Silicon in the critical zone under global change: towards an integrated view from ecological, agronomical and geochemical perspectives
Convener: Camille Delvigne | Co-conveners: Julia Cooke, Jean-Thomas Cornelis, Anika Klotzbücher, Jörg Schaller
| Tue, 09 Apr, 16:15–18:00
Room 2.25
| Attendance Tue, 09 Apr, 14:00–15:45
Hall A

Silicon (Si) is crucial in numerous biochemical and geochemical processes. Earlier scientific literature on Si cycling focused on abiotic weathering processes, while in recent years, scientists have become more aware of the significant role of biotic controls. Silicon plays a key role in processes governing soil formation and soil-plant feedback interactions. Vegetation, soil organisms, including fauna, microorganisms and fungi, strongly affect Si dynamic in terrestrial ecosystems but the mechanisms are still poorly understood. In particular, Si has numerous beneficial effects on both plant structure, function as well as resilience to biotic and abiotic stresses motivating studies focusing on Si functional ecology and silica biomineralization. The global Si cycle is receiving increased attention because of its links with the carbon cycle as well as other major biogeochemical cycles and toxic elements. A better understanding of the terrestrial Si cycle is thus critical, especially as drastic and subtle changes in the terrestrial Si cycle are occurring worldwide in response to global change.

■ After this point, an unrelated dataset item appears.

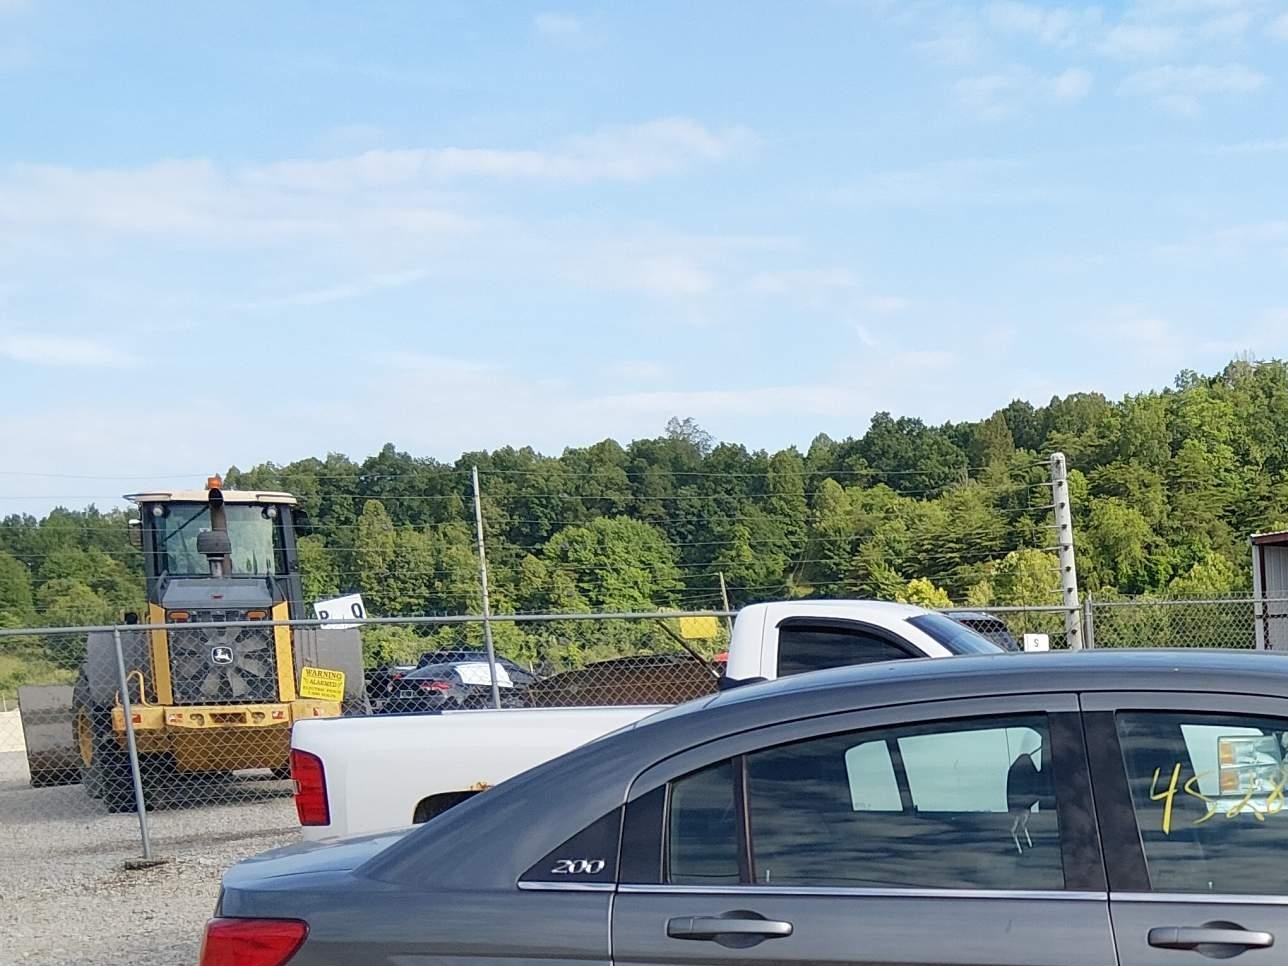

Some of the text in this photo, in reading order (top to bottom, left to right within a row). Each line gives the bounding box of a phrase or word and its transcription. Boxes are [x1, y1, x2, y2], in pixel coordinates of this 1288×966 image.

[351, 603, 363, 619] Q
[305, 669, 343, 680] WARNING
[551, 859, 605, 874] 200
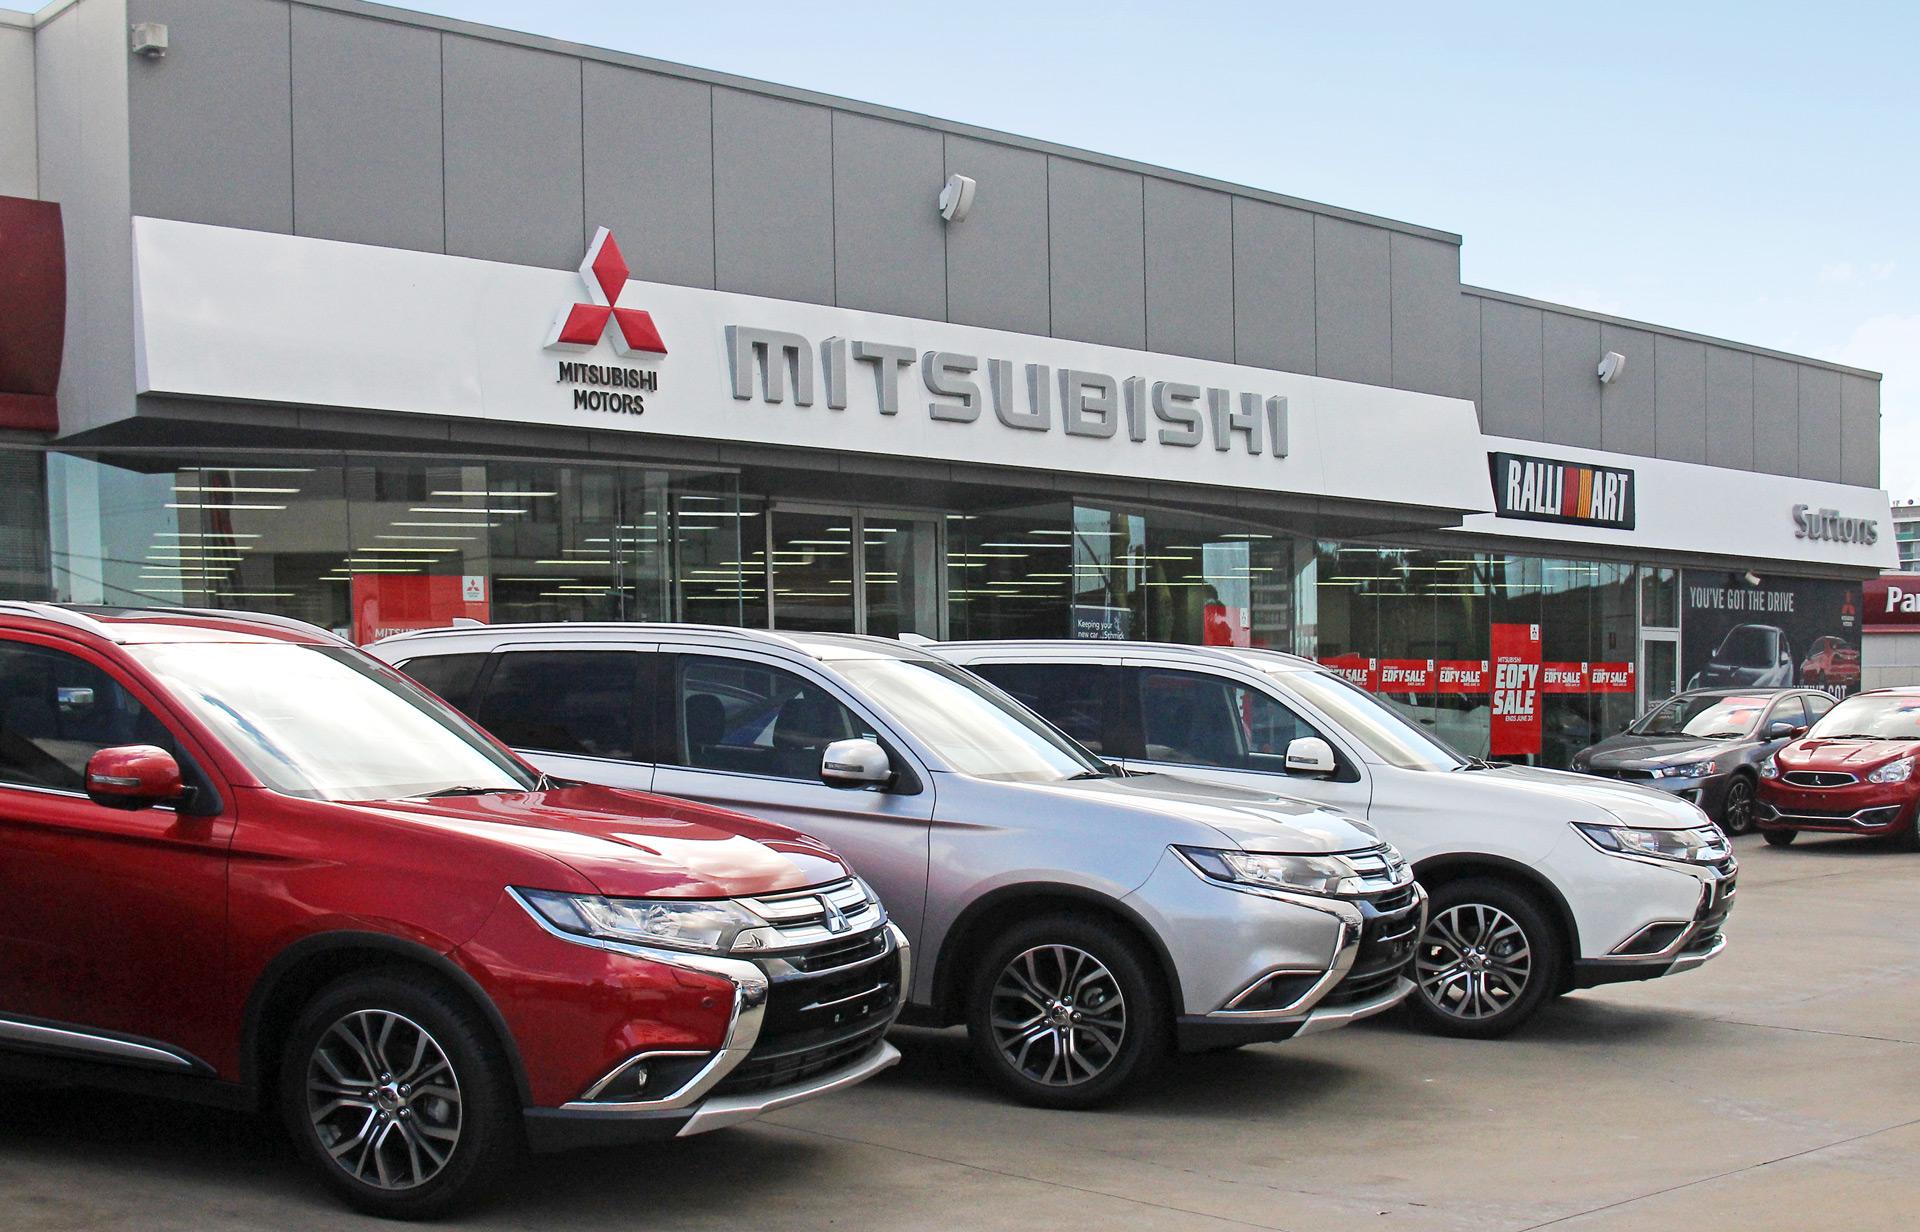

This session aims at compiling recent work focusing on biogeochemical Si cycling under global change, its functions in terrestrial ecosystems as well as its evolution in the recent past. This session bridges advances from soil sciences, ecology, plant physiology, agronomy, biogeochemistry (including isotopes studies) and paleontology. We invite studies tackling biotic and abiotic interactions at different time and spatial scales affecting the Si cycle and its interactions with other biogeochemical cycles. We encourage interdisciplinary studies as well as contributions from both field and laboratory experiments encompassing biogeochemical processes, molecular mechanisms to improve our understanding of the role of Si in ecosystem processes. Meta-analyses and paleo-environmental studies using phytoliths are also welcome.